Lee, Sharon & Miller, Steve - Liaden 1 - Eine Frage der Ehre V2
Als das Schweigen zu lange andauerte, mischte sich sein Begleiter ein. Mit gekünstelter Freundlichkeit beteuerte er, dass es so etwas wie eine Anklage nicht gäbe.

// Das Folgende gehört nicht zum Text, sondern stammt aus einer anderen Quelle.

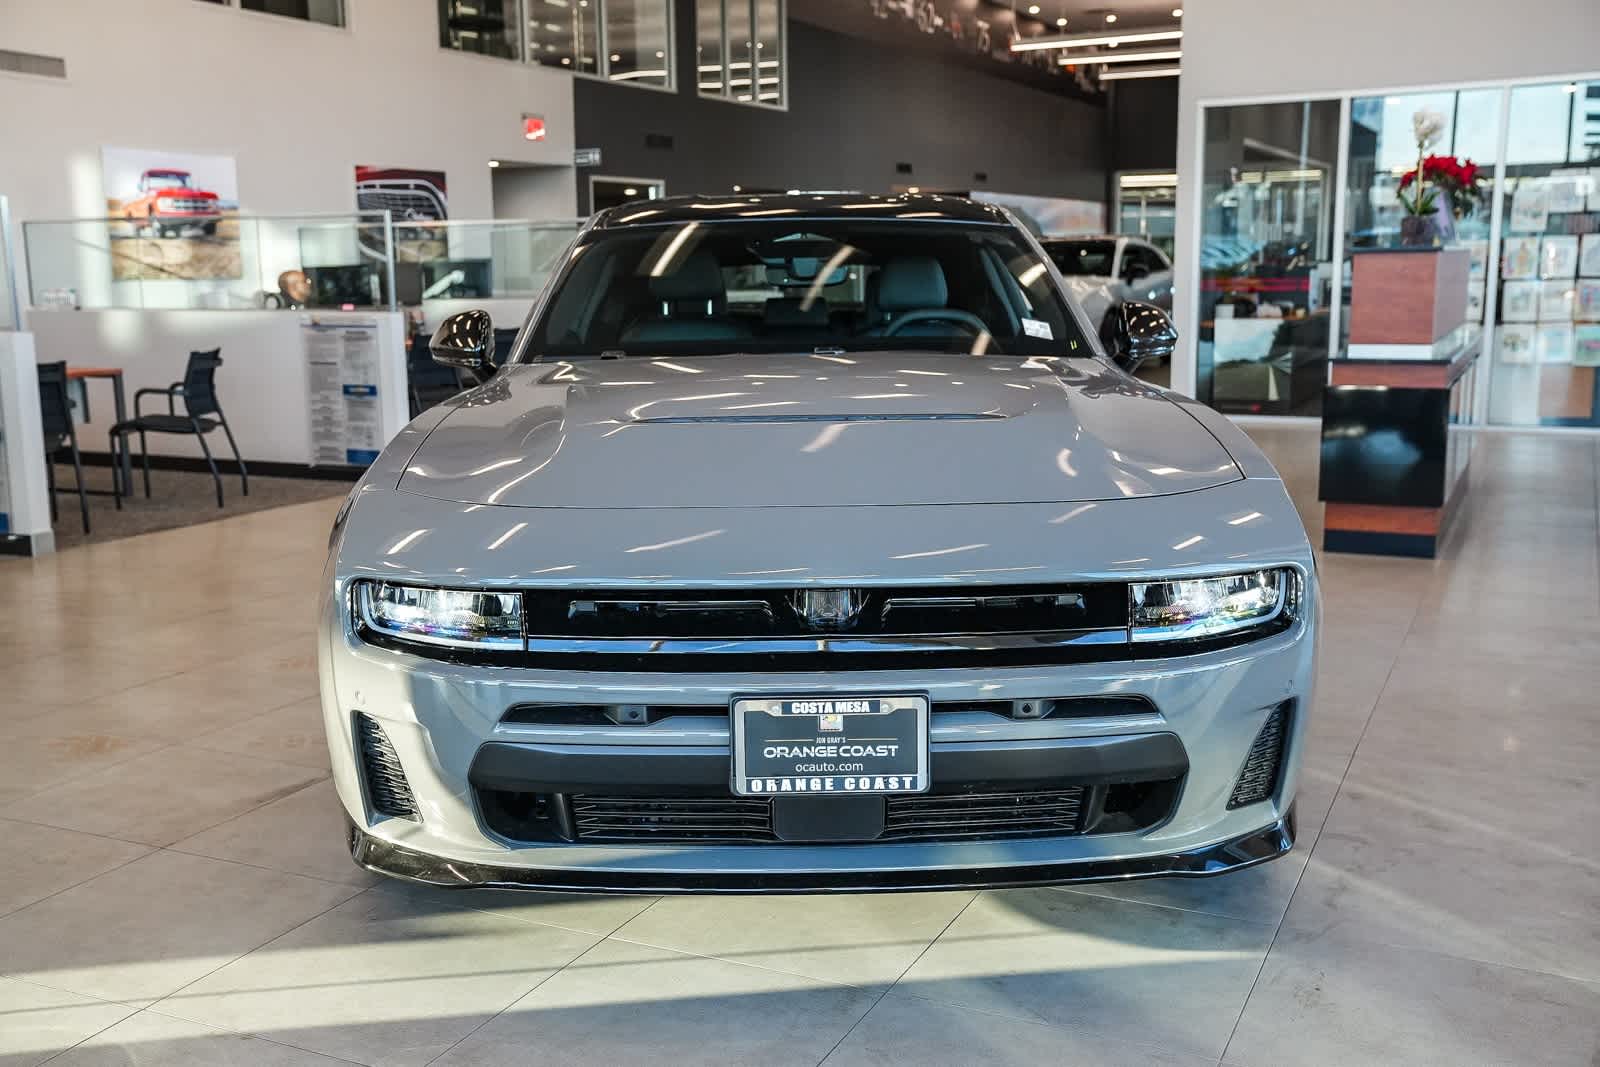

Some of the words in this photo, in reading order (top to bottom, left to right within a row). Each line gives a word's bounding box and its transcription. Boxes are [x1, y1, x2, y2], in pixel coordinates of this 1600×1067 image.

»Mein verehrter Kollege Relgis hat sich leider versprochen«, wiegelte er ab. »Dem Gericht liegt lediglich eine Meldung vor, in welcher der Verdacht geäußert wird, an Bord befände sich Schmuggelware. Sie werden sicher verstehen, dass wir eine Anzeige dieser Art nicht auf die leichte Schulter nehmen können und der Sache von Amts wegen auf den Grund gehen müssen.«
»Selbstverständlich müssen Sie das.« Shan führte sein Glas an die Lippen. »Vor allen Dingen, wenn es um die Dutiful Passage geht.«
Budoc blickte unbehaglich drein. »Es ist nur natürlich, wenn Sie aufgebracht sind«, fuhr er fort, nachdem er mit seinem Partner einen erschrockenen Blick getauscht hatte. »Immerhin wird Ihrer Crew der Landgang verwehrt, und ein paar Tage lang dürfen Sie Ihre Handelstätigkeit nicht ausüben. Sie verlieren Zeit. Aber wenn sich der Vorwurf als unhaltbar erweist – wovon ich für meine Person absolut überzeugt bin –, ist durch diese Unannehmlichkeit gewiss kein großer Schaden entstanden, oder? Sowie wir mit unseren Ermittlungen fertig sind und Ihre Unschuld feststeht, können Sie Ihren Geschäften ungehindert nachgehen.«
»Aber das Hohe Gericht«, tönte Relgis, dem die konziliante Art seines Kollegen offenkundig nicht passte, »muss ganz sicher sein, ob diese Anschuldigungen auf Wahrheit beruhen oder nicht. Schmuggel ist ein schweres Verbrechen. Man kann nicht vorsichtig genug sein.«
»Ganz meiner Meinung. Gibt es eventuell noch weitere Vorwürfe? Oder wäre das bereits alles?« Abermals brachte Shan mit seinem unverändert freundlichen Ton Relgis aus dem Konzept. Und wieder musste Budoc einspringen. Er räusperte sich vernehmlich und antwortete:
»Außerdem haben wir einen Haftbefehl dabei, ausgestellt auf Priscilla Delacorix y Mendoza, Crewmitglied der Dutiful Passage. Sie soll mithilfe von Tiefensondierung verhört werden und solange in Arrest bleiben, bis über ihr weiteres Schicksal entschieden wird.«
»Was wirft man ihr vor?«, erkundigte sich Shan gelassen, beugte sich vor und setzte sein Glas ab.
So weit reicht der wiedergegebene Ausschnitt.